Helin Bolek e Mustafa Kocac, due prigionieri politici e un’unica lotta, sono i volti di quanto avviene nelle carceri turche, prima e dopo l’emergenza coronavirus.

Due storie che da sole svelano l’utilizzo che della crisi il governo dell’Akp sta compiendo per quella che può essere definita una punizione di massa.

Helin è morta lo scorso venerdì di sciopero della fame, Mustafa è vivo ma rimane confinato in una cella di Smirne tentando inutilmente di denunciare i cinque giorni di torture a cui è stato sottoposto nell’ospedale della prigione.

Entrambi chiedevano lo stesso, la fine delle misure di repressione con cui Ankara ha provato a rendere invisibili il loro gruppo musicale marxista, Grup Yorum, nato nel 1985 e con 23 album alle spalle.

Dal 2016 gli è vietato esibirsi in pubblico, i suoi musicisti sono stati più volte aggrediti, sette di loro sono tuttora detenuti, il loro centro culturale a Istanbul perquisito con violenza dieci volte negli ultimi due anni.

Per questo, insieme a un altro membro del gruppo, Ibrahim Gokcek, hanno lanciato uno sciopero della fame. Ridotta a uno scheletro dopo 288 giorni, Helin è morta. Mustafa non mangia da 254, pesa 33 chili. È in queste condizioni che è stato torturato, brutalmente.

Di loro si è a lungo parlato nell’evento su Zoom organizzato ieri da Giuristi democratici, Camere penali e Antigone e moderato da Barbara Spinelli a cui hanno preso parte avvocati turchi.

Tra loro Didem Baydar Unsal di Haikin Hukuk Burosu (Studio legale del Popolo) e avvocata di Helin Bolek: «In Turchia – denuncia – le misure prese non raggiungono lo scopo, sono insufficienti: i detenuti in carceri sovraffollate non vengono considerate persone a rischio. Sono in corso scioperi della fame “fino alla morte” per difendere i diritti fondamentali, Helin Bolek ha perso la vita per la sua lotta. Siamo arrabbiati: le rivendicazioni dei nostri assistiti erano legittime e di facile applicazione ma non sono state ascoltate. Le persone attualmente in sciopero della fame hanno sistemi immunitari indeboliti e quindi sono più a rischio di essere contagiate dal virus».

«Le guardie carcerarie fanno avanti e indietro e non è possibile sapere se i materiali che entrano in carcere siano sterilizzati né se le persone che distribuiscono il cibo siano malati o meno – continua – Ai detenuti non vengono date mascherine, guanti o disinfettante. Il caso di Mustafa è illuminante: ha denunciato le torture ma non possiamo incontrarlo».

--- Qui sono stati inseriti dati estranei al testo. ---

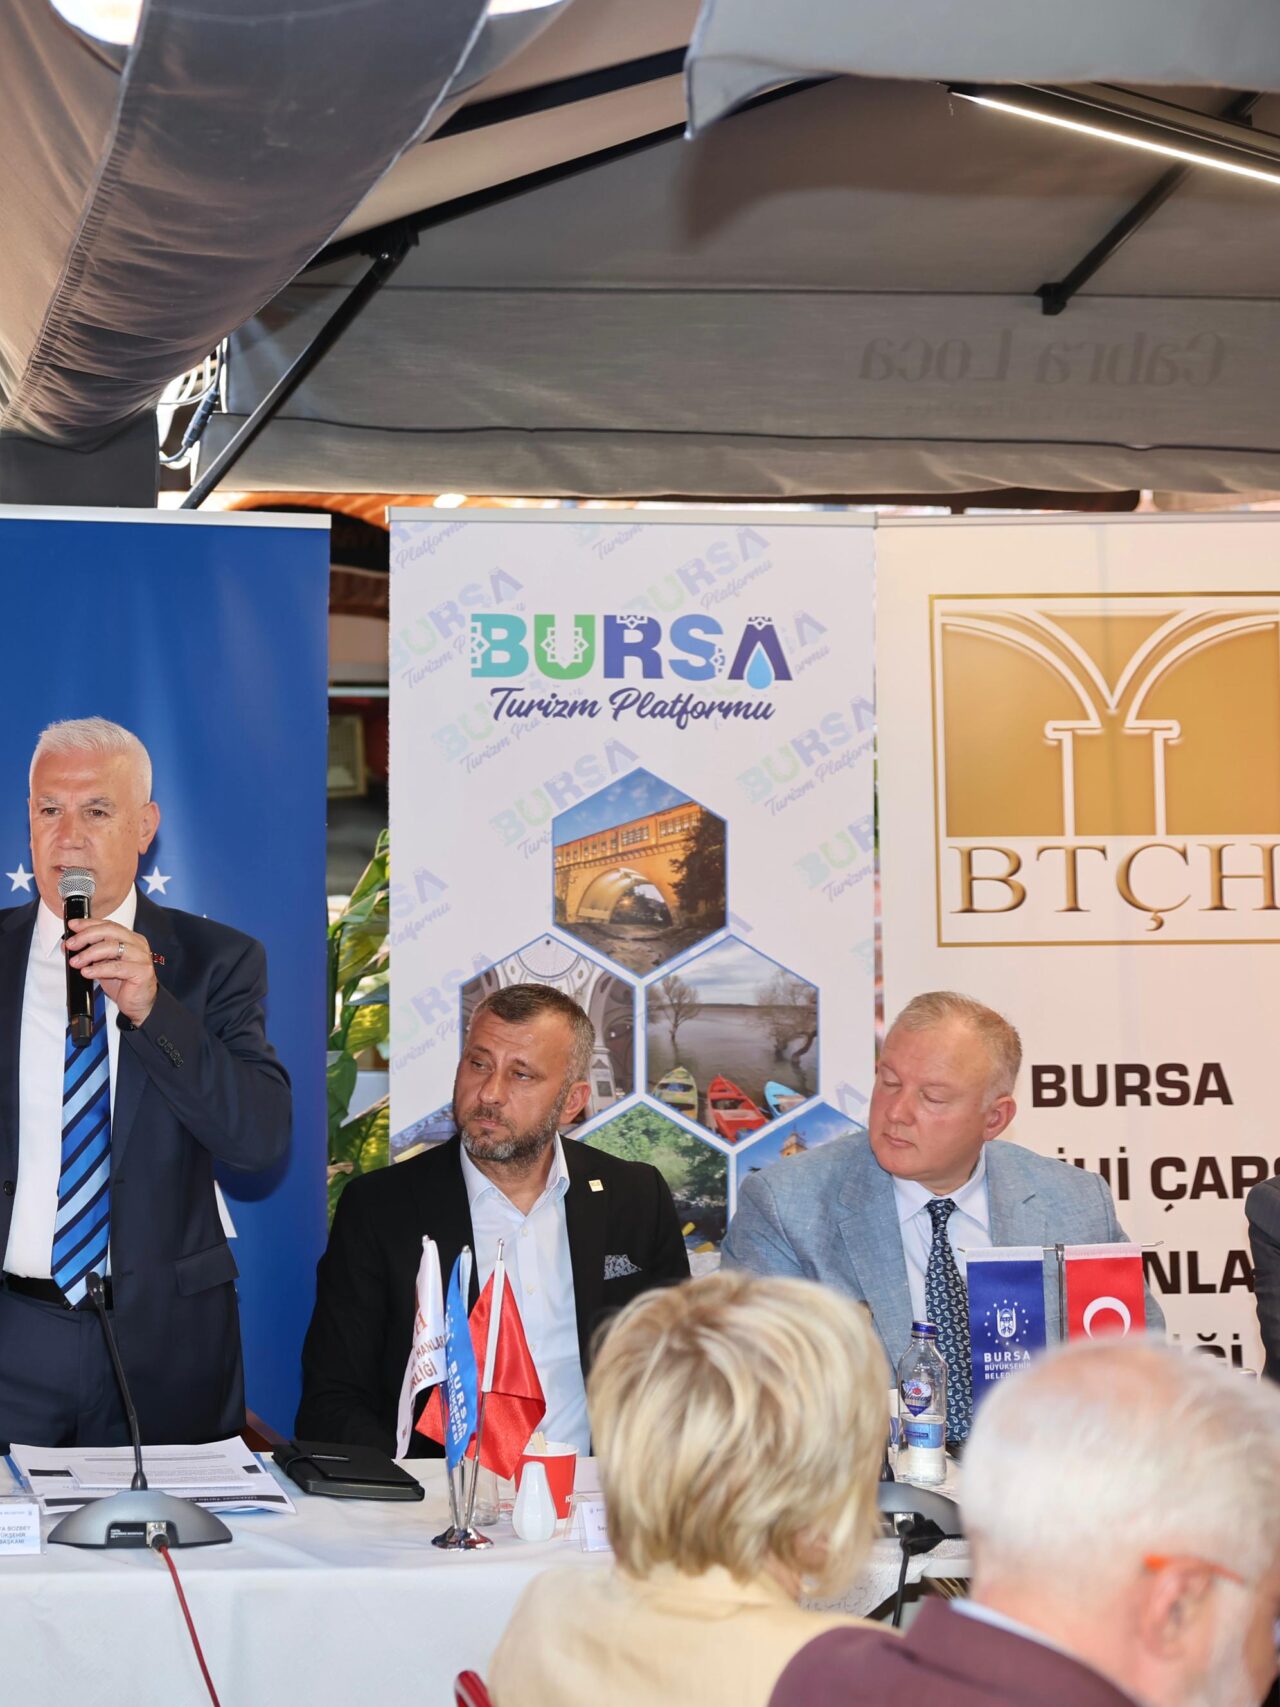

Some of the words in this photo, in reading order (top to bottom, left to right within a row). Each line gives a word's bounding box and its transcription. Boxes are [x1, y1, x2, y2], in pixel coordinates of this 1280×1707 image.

[470, 614, 793, 690] BURSA
[490, 687, 603, 721] Turizm
[608, 687, 775, 730] Platformu
[948, 844, 1280, 931] BTÇH
[1031, 1062, 1234, 1108] BURSA
[983, 1350, 1031, 1363] BURSA
[450, 1360, 468, 1437] BURSA

A scioperare sono anche gli avvocati, Aytac Unsal e Abru Timtik, vittime come i loro assistiti. Dal luglio 2016 al febbraio 2020, scrive in un rapporto il Consiglio nazionale forense, in Turchia sono stati arrestati 605 avvocati, 345 le condanne per un totale di 2.145 anni di prigione.

«Nelle carceri l’unica iniziativa è stata proibire alle famiglie di incontrare i detenuti – spiega Ayse Acinikli, dell’Associazione degli Avvocati per la Libertà (Ohd) – Gli avvocati possono parlarci solo divisi da un vetro e con un telefono. Arrivano notizie di persone con la febbre alta e a Mardin una persona è risultata positiva. Il governo fa molta propaganda sull’indulto ma ha separato i detenuti in due gruppi: oppositori ed esseri umani. Gli sconti di pena non riguardano i detenuti politici, nemmeno quelli malati. Parliamo di circa 30mila persone, sebbene non ci siano dati precisi. Prima, al detenuto politico veniva riconosciuto uno sconto di un quarto della pena in automatico, in assenza di violazioni; ora con i nuovi provvedimenti sarà una commissione interna al carcere a decidere caso per caso».

«A Imrali per Ocalan non è cambiato nulla – interviene Ibrahim Bilnez, legale del leader del Pkk – Ma l’isolamento non è una protezione dal Covid visto che i dipendenti del carcere si spostano. Questa epidemia avrebbe potuto rappresentare un’occasione verso la pace, un’altra occasione persa».